*Entries provided*:
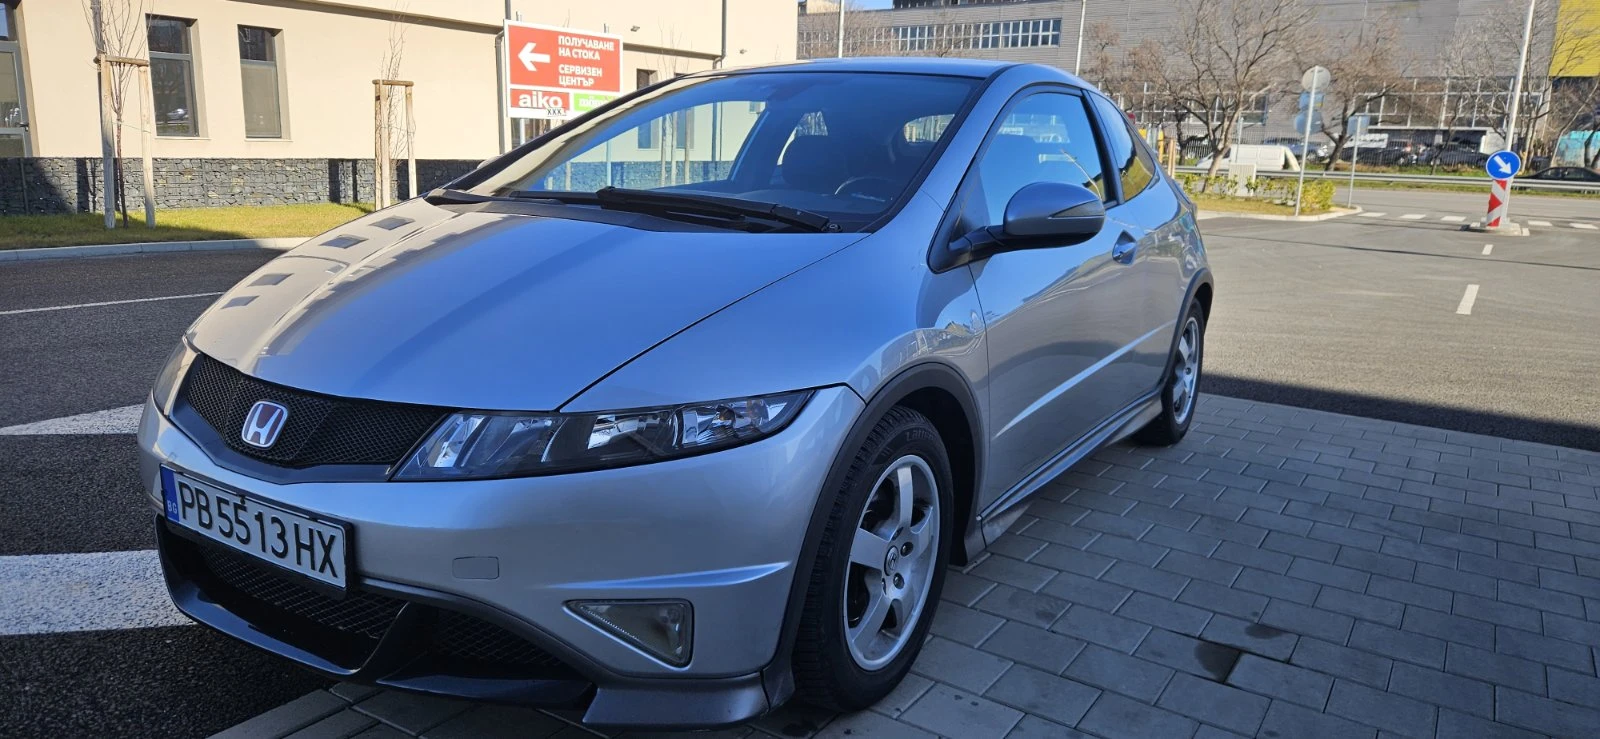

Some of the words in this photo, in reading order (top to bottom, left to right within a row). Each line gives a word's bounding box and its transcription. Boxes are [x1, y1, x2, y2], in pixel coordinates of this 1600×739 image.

[558, 35, 614, 51] ПОЛУЧАВАНЕ
[558, 47, 571, 58] НА
[572, 48, 600, 60] СТОКА
[558, 64, 603, 77] СЕРВИЗЕН
[558, 75, 595, 87] ЦЕНТЪР
[518, 91, 563, 109] aiko
[167, 501, 178, 514] BG
[216, 495, 288, 559] 5513

*What the exercise asks*: An unchanged copy of the listing, with no pictures, should be returned.

*Answer section*:
Some of the words in this photo, in reading order (top to bottom, left to right within a row). Each line gives a word's bounding box and its transcription. Boxes are [x1, y1, x2, y2], in pixel coordinates of this 1600×739 image.

[558, 35, 614, 51] ПОЛУЧАВАНЕ
[558, 47, 571, 58] НА
[572, 48, 600, 60] СТОКА
[558, 64, 603, 77] СЕРВИЗЕН
[558, 75, 595, 87] ЦЕНТЪР
[518, 91, 563, 109] aiko
[167, 501, 178, 514] BG
[216, 495, 288, 559] 5513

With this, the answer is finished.